The isle of influence – England, Scotland, Wales and the United Kingdom
• The original Britons were pushed into the western reaches of the country, Cornwall and Wales.
• Ethelred ordered the killing of all Danish men in England on St Brice’s Day, November 13, 1002.
• In 1189, the first anti-Jewish riot took place in London, which soon spread to York, where 150 Jews were killed by a mob after they took refuge in a local building, Clifford’s Tower, the ruins of which still stand to the present day.
• In 1290, all the Jews of England were expelled from the country, accused of exploitative financial practices related to their dominance of the banking business.
• Mary I restored the Roman Catholic church in England, violently suppressing the Anglicans, ordering 300 leading members of that church burned at the stake. [Her] bloodthirsty revenge upon the Anglicans earned her the title of Bloody Mary.
• In 1655, Cromwell also ruled that Jews could be allowed back into England in 1656, the first time since their expulsion in 1290.

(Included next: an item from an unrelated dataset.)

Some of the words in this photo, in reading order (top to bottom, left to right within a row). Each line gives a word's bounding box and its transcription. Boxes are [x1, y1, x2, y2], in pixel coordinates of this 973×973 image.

• Elizabeth 1, Queen of England, ordered the deportation of all Blacks from London in 1601, after objecting to the presence of approximately 20,000 Black slaves in the capital city. This single act ensured that Britain had no large scale Black presence until the late 20th Century.
• The occupation of India however led to a significant amount of racial mixing between British officers stationed in that country and Indian women—and many of these Indian wives were taken back to Britain (and Ireland, as Irishmen served in the British army at that time, the latter country also being controlled by Britain). The product of these mixed unions can still be detected amongst the modern day British and Irish populations.

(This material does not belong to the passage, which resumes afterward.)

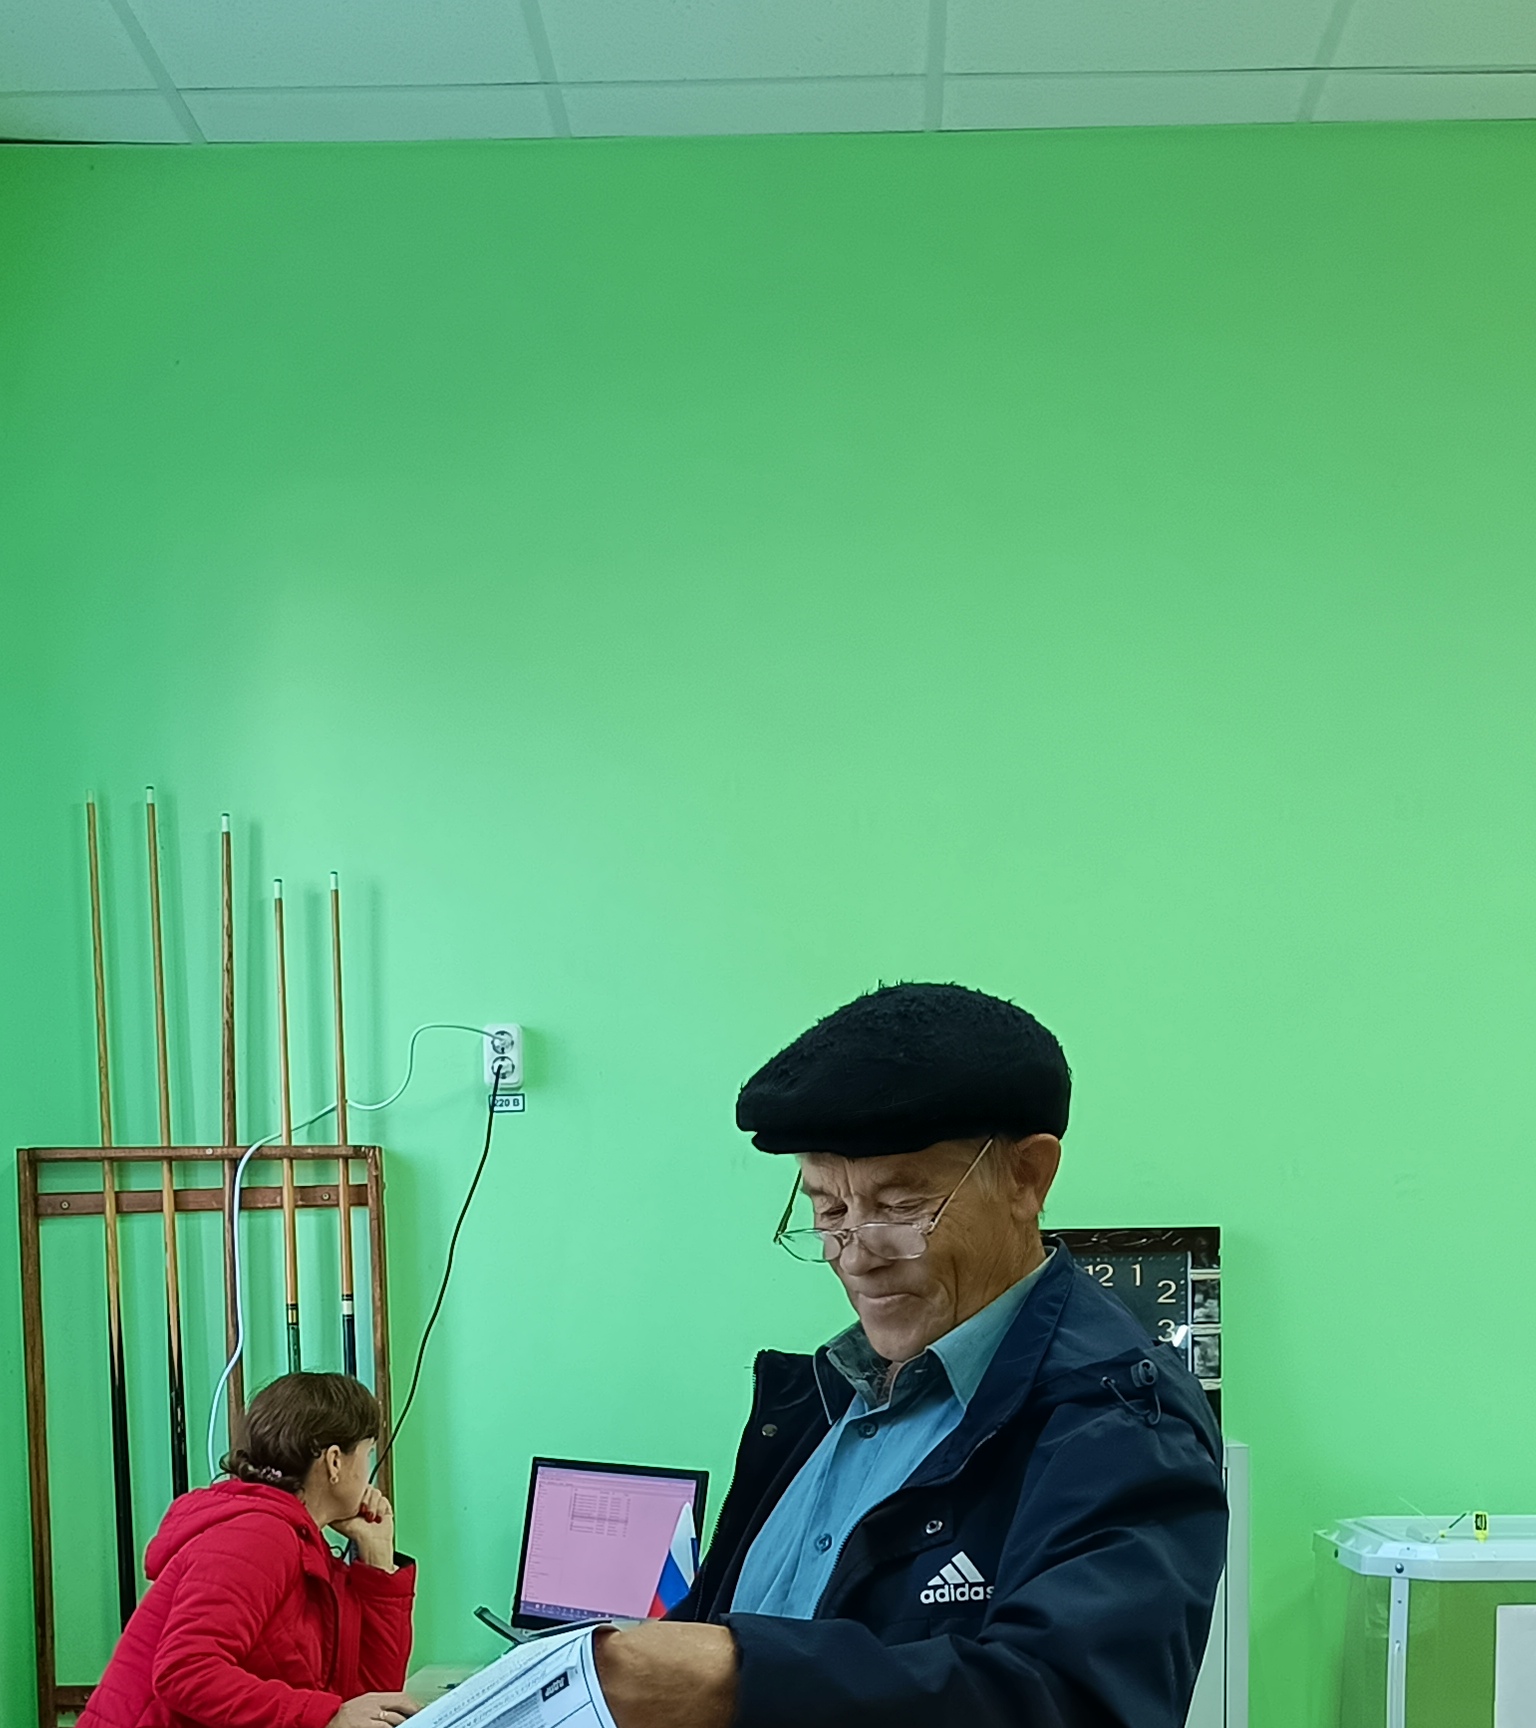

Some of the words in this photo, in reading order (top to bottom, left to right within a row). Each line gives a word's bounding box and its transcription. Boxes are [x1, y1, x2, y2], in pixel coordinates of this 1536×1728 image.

[1085, 1264, 1114, 1286] 12
[1132, 1264, 1141, 1286] 1
[1157, 1280, 1176, 1303] 2
[1158, 1319, 1176, 1342] 3

• Politics in Victorian Britain became dominated by the liberal party under William Gladstone and the Conservative Party under Benjamin Disraeli, who traded places as prime minister and opposition leader twice during their long careers. Disraeli was a Christianized Jew whose writings on race were profound: they are however ignored by modern historians.
In his book Tancred, published by Frederick Warne, London, in 1868, Disraeli wrote:
“All is race—there is no other truth” (page 106)
And in his book Endymion, published by Longmans, London, he wrote:
“No man will treat with indifference the principle of race. It is the key to history and why history is so often confused is that it has been written by men who were ignorant of this principle and all the knowledge it involves… Language and religion do not make a race—there is only one thing which makes a race, and that is blood” (page 249-250).
• The most important feature of post World War Two Britain has been the large immigration into that country from the Third World, a process which showed no signs of slowing down during the last quarter of the 20th Century. This process and its implications are discussed in another chapter.